====== Given information

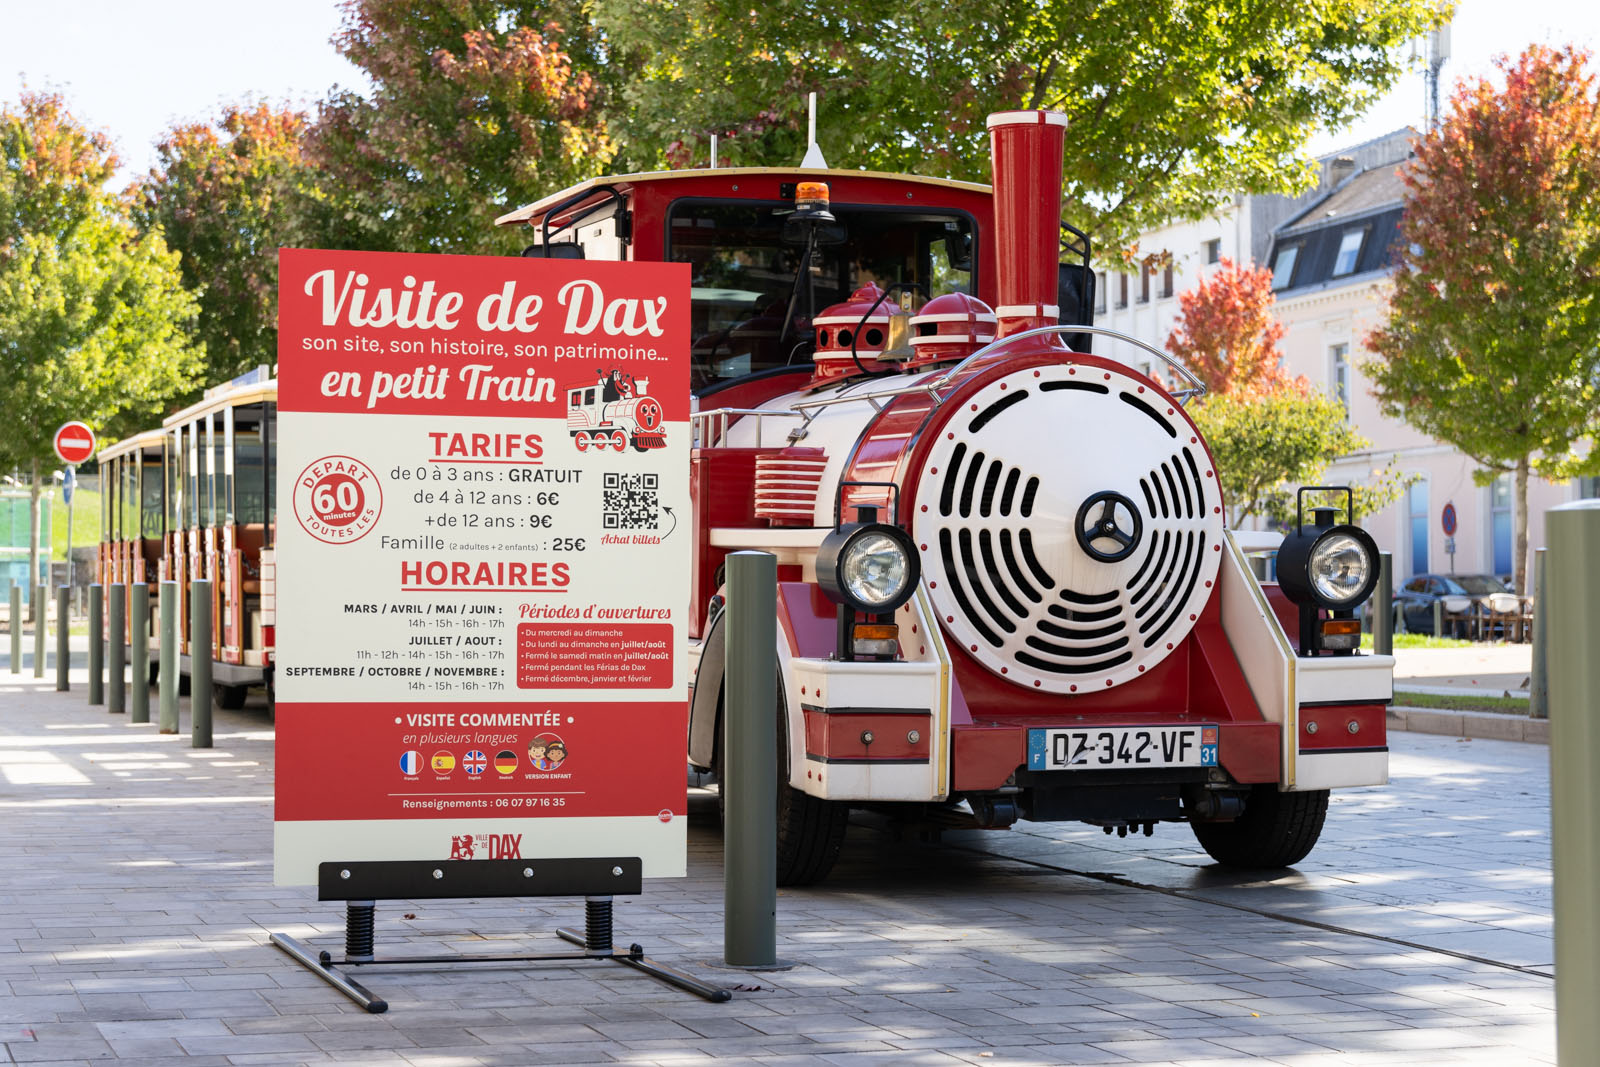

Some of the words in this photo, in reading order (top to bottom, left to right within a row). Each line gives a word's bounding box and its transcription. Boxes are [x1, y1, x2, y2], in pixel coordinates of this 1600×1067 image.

[304, 270, 463, 330] Visite
[477, 281, 543, 333] de
[558, 280, 667, 337] Dax
[303, 338, 336, 350] son
[344, 336, 384, 354] site,
[390, 341, 423, 353] son
[432, 338, 508, 357] histoire,
[514, 345, 547, 357] son
[321, 371, 362, 397] en
[367, 365, 450, 409] petit
[459, 364, 556, 402] Train
[429, 432, 543, 458] TARIFS
[303, 461, 368, 488] DEPART
[391, 466, 410, 480] de
[417, 467, 426, 480] 0
[433, 465, 441, 480] à
[448, 468, 457, 480] 3
[464, 471, 493, 481] ans
[509, 469, 582, 483] GRATUIT
[313, 482, 358, 514] 60
[414, 490, 433, 503] de
[439, 491, 449, 503] 4
[455, 489, 463, 504] à
[470, 491, 485, 504] 12
[492, 495, 521, 505] ans
[537, 492, 559, 505] 6€
[306, 515, 353, 537] TOUTES
[357, 508, 374, 529] LES
[323, 511, 356, 521] minutes
[463, 514, 478, 527] 12
[485, 517, 514, 527] ans
[530, 515, 552, 528] 9€
[382, 536, 444, 549] Famille
[505, 544, 538, 552] enfants)
[553, 538, 585, 551] 25€
[601, 534, 630, 544] Achat
[632, 535, 660, 544] billets
[402, 561, 570, 586] HORAIRES
[345, 605, 377, 614] MARS
[391, 605, 423, 614] AVRIL
[436, 605, 456, 614] MAI
[469, 606, 495, 615] JUIN
[519, 604, 579, 618] Périodes
[409, 619, 425, 628] 14h
[436, 619, 452, 628] 15h
[463, 619, 479, 628] 16h
[489, 619, 504, 628] 17h
[526, 629, 536, 637] Du
[409, 637, 452, 646] JUILLET
[465, 637, 495, 646] AOUT
[538, 641, 557, 649] lundi
[571, 641, 609, 649] dimanche
[621, 641, 665, 650] juillet/août
[357, 651, 371, 660] 11h
[382, 650, 398, 659] 12h
[409, 651, 425, 660] 14h
[436, 651, 452, 660] 15h
[462, 651, 478, 660] 16h
[489, 651, 504, 660] 17h
[526, 652, 549, 660] Fermé
[551, 652, 557, 660] le
[559, 652, 587, 660] samedi
[589, 652, 612, 660] matin
[624, 652, 668, 661] juillet/août
[286, 667, 355, 676] SEPTEMBRE
[368, 668, 421, 677] OCTOBRE
[435, 668, 497, 677] NOVEMBRE
[526, 663, 549, 671] Fermé
[551, 664, 582, 673] pendant
[584, 664, 595, 672] les
[597, 663, 619, 671] Férias
[409, 682, 425, 691] 14h
[436, 682, 452, 691] 15h
[462, 682, 478, 691] 16h
[489, 682, 504, 691] 17h
[526, 675, 549, 683] Fermé
[551, 675, 590, 683] décembre,
[591, 675, 617, 684] janvier
[628, 675, 651, 683] février
[407, 714, 454, 726] VISITE
[460, 710, 560, 726] COMMENTÉE
[403, 735, 416, 744] en
[419, 732, 471, 746] plusieurs
[474, 732, 517, 746] langues
[1034, 754, 1040, 763] F
[1202, 748, 1216, 763] 31
[403, 799, 487, 810] Renseignements
[496, 799, 508, 808] 06
[511, 799, 523, 807] 07
[526, 799, 537, 807] 97
[540, 798, 550, 807] 16
[553, 798, 565, 807] 35
[475, 834, 488, 842] VILLE
[488, 834, 522, 860] DAX

============

What the task asks —
Output all lines above precisely. Pictures are to be left out.

Exercise answer —
Some of the words in this photo, in reading order (top to bottom, left to right within a row). Each line gives a word's bounding box and its transcription. Boxes are [x1, y1, x2, y2], in pixel coordinates of this 1600×1067 image.

[304, 270, 463, 330] Visite
[477, 281, 543, 333] de
[558, 280, 667, 337] Dax
[303, 338, 336, 350] son
[344, 336, 384, 354] site,
[390, 341, 423, 353] son
[432, 338, 508, 357] histoire,
[514, 345, 547, 357] son
[321, 371, 362, 397] en
[367, 365, 450, 409] petit
[459, 364, 556, 402] Train
[429, 432, 543, 458] TARIFS
[303, 461, 368, 488] DEPART
[391, 466, 410, 480] de
[417, 467, 426, 480] 0
[433, 465, 441, 480] à
[448, 468, 457, 480] 3
[464, 471, 493, 481] ans
[509, 469, 582, 483] GRATUIT
[313, 482, 358, 514] 60
[414, 490, 433, 503] de
[439, 491, 449, 503] 4
[455, 489, 463, 504] à
[470, 491, 485, 504] 12
[492, 495, 521, 505] ans
[537, 492, 559, 505] 6€
[306, 515, 353, 537] TOUTES
[357, 508, 374, 529] LES
[323, 511, 356, 521] minutes
[463, 514, 478, 527] 12
[485, 517, 514, 527] ans
[530, 515, 552, 528] 9€
[382, 536, 444, 549] Famille
[505, 544, 538, 552] enfants)
[553, 538, 585, 551] 25€
[601, 534, 630, 544] Achat
[632, 535, 660, 544] billets
[402, 561, 570, 586] HORAIRES
[345, 605, 377, 614] MARS
[391, 605, 423, 614] AVRIL
[436, 605, 456, 614] MAI
[469, 606, 495, 615] JUIN
[519, 604, 579, 618] Périodes
[409, 619, 425, 628] 14h
[436, 619, 452, 628] 15h
[463, 619, 479, 628] 16h
[489, 619, 504, 628] 17h
[526, 629, 536, 637] Du
[409, 637, 452, 646] JUILLET
[465, 637, 495, 646] AOUT
[538, 641, 557, 649] lundi
[571, 641, 609, 649] dimanche
[621, 641, 665, 650] juillet/août
[357, 651, 371, 660] 11h
[382, 650, 398, 659] 12h
[409, 651, 425, 660] 14h
[436, 651, 452, 660] 15h
[462, 651, 478, 660] 16h
[489, 651, 504, 660] 17h
[526, 652, 549, 660] Fermé
[551, 652, 557, 660] le
[559, 652, 587, 660] samedi
[589, 652, 612, 660] matin
[624, 652, 668, 661] juillet/août
[286, 667, 355, 676] SEPTEMBRE
[368, 668, 421, 677] OCTOBRE
[435, 668, 497, 677] NOVEMBRE
[526, 663, 549, 671] Fermé
[551, 664, 582, 673] pendant
[584, 664, 595, 672] les
[597, 663, 619, 671] Férias
[409, 682, 425, 691] 14h
[436, 682, 452, 691] 15h
[462, 682, 478, 691] 16h
[489, 682, 504, 691] 17h
[526, 675, 549, 683] Fermé
[551, 675, 590, 683] décembre,
[591, 675, 617, 684] janvier
[628, 675, 651, 683] février
[407, 714, 454, 726] VISITE
[460, 710, 560, 726] COMMENTÉE
[403, 735, 416, 744] en
[419, 732, 471, 746] plusieurs
[474, 732, 517, 746] langues
[1034, 754, 1040, 763] F
[1202, 748, 1216, 763] 31
[403, 799, 487, 810] Renseignements
[496, 799, 508, 808] 06
[511, 799, 523, 807] 07
[526, 799, 537, 807] 97
[540, 798, 550, 807] 16
[553, 798, 565, 807] 35
[475, 834, 488, 842] VILLE
[488, 834, 522, 860] DAX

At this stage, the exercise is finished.